Member Reviews

I think this is meant to satirise the American dream in reverse by showing how a life can fall about for no real reason, and while they continue to make stupid decisions throughout, their decisions have little impact on what happens.
But it didn’t work for me as there wasn’t any real tension and the plot was predictable. It was a page turner only in the sense I wanted to get to the end as soon as possible.

Short compelling chapters. I liked the tone of the opening of the chapters. Enjoyed myself with this book. Read in one sitting.

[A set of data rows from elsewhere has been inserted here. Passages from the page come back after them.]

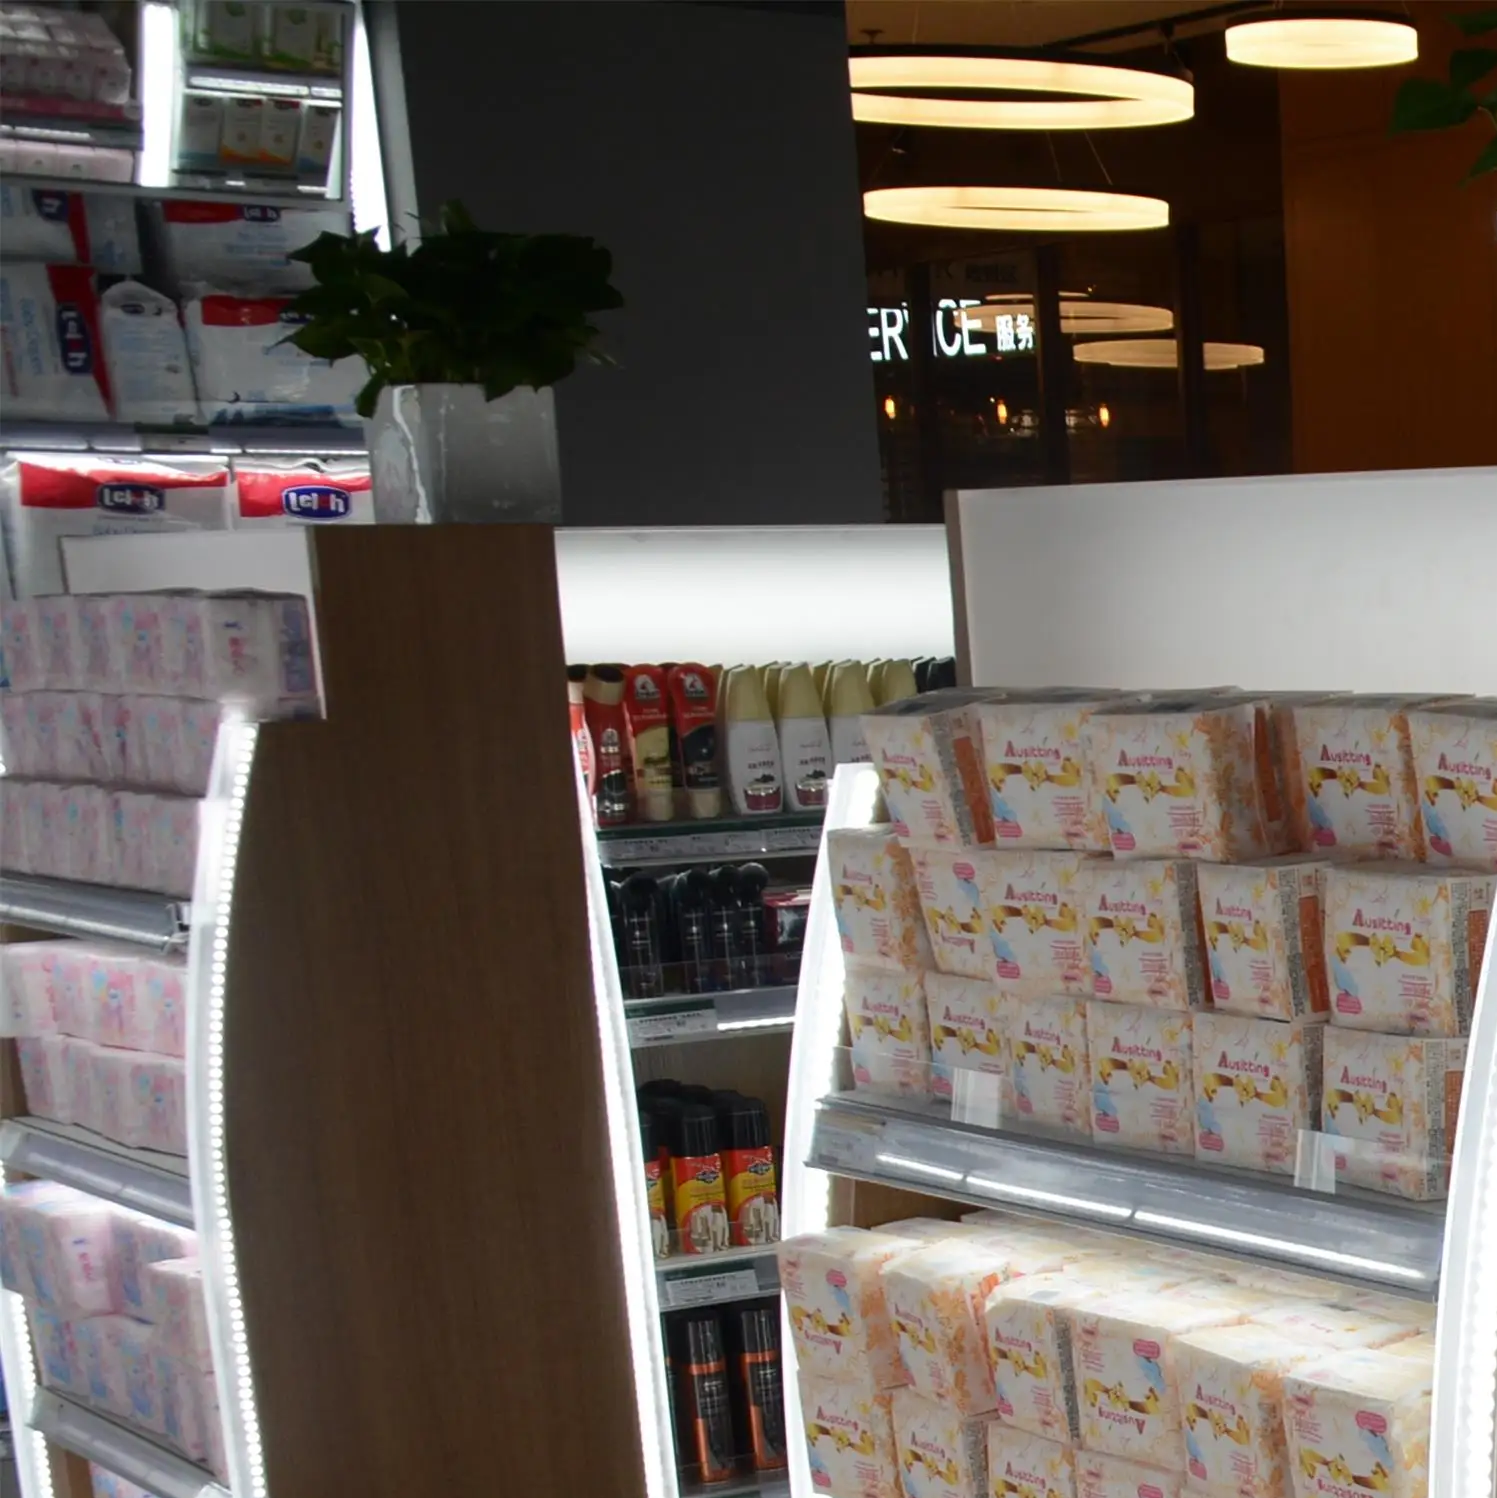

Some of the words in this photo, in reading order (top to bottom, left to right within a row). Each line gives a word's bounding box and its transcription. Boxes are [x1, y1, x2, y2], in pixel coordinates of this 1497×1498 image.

[996, 314, 1035, 352] 服务
[1119, 750, 1173, 769] Ausitting
[1320, 744, 1371, 766] Ausitting
[1438, 752, 1492, 779] Ausitting
[1352, 908, 1412, 935] Ausitting
[1218, 1051, 1270, 1077] Ausitting
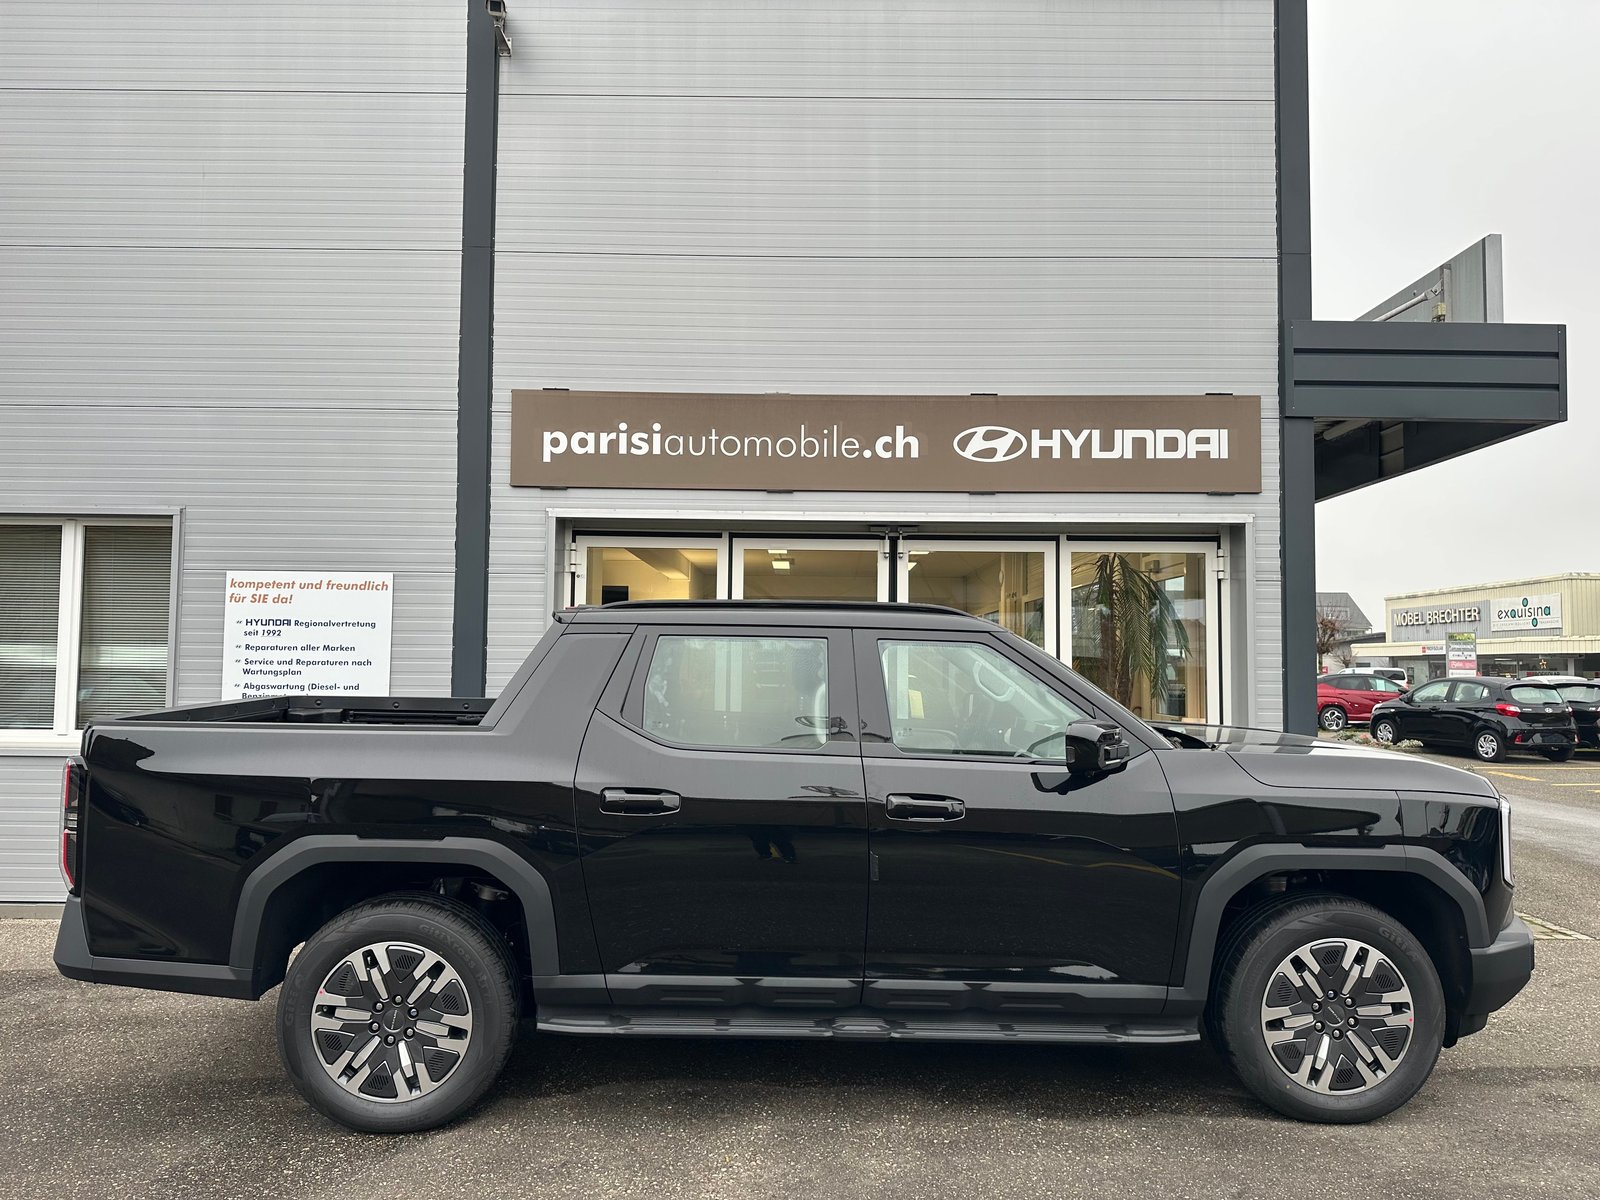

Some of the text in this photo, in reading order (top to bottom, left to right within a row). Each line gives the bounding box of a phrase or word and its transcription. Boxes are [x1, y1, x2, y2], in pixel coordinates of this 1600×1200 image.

[543, 423, 918, 462] parisiautomobile.ch
[1032, 429, 1228, 458] HYUNDAI
[229, 578, 389, 592] kompetent und freundlich
[229, 593, 294, 605] für SIE da!
[1426, 607, 1480, 624] BRECHTER
[245, 619, 377, 630] HYUNDAI Regionalvertretung
[243, 629, 259, 637] seit
[244, 644, 298, 653] Reparaturen
[300, 644, 321, 652] aller
[244, 658, 275, 666] Service
[295, 659, 349, 668] Reparaturen
[351, 659, 372, 667] nach
[242, 668, 302, 678] Wartungsplan
[243, 683, 360, 692] Abgaswartung (Diesel- und

Very Slowly All at Once by Lauren Schott is a slow unraveling of the American Dream, with secrets lurking beneath the surface.
Lauren Schott’s debut is a quietly unsettling exploration of ambition, debt, and the cost of keeping up appearances. Mack and Hailey Evans seem to have it all—careers, children, a dream home on a lakefront estate. But when anonymous cheques start arriving, their picture-perfect life begins to warp. The money is easy to spend, harder to question. And soon, impossible to escape.
What I loved most was the slow-burn tension. Schott doesn’t rely on big twists or flashy drama—she lets the dread creep in through everyday choices, through the quiet compromises that feel harmless until they’re not. The writing is sharp and observant, with a touch of dark wit that makes the unraveling feel both intimate and inevitable.
This is a story about what we owe—to ourselves, to each other, and to the mysterious forces that promise help but demand something in return. It’s domestic noir with teeth, and it lingers long after the final page.
With thanks to Lauren Schott, the publisher and NetGalley for the ARC.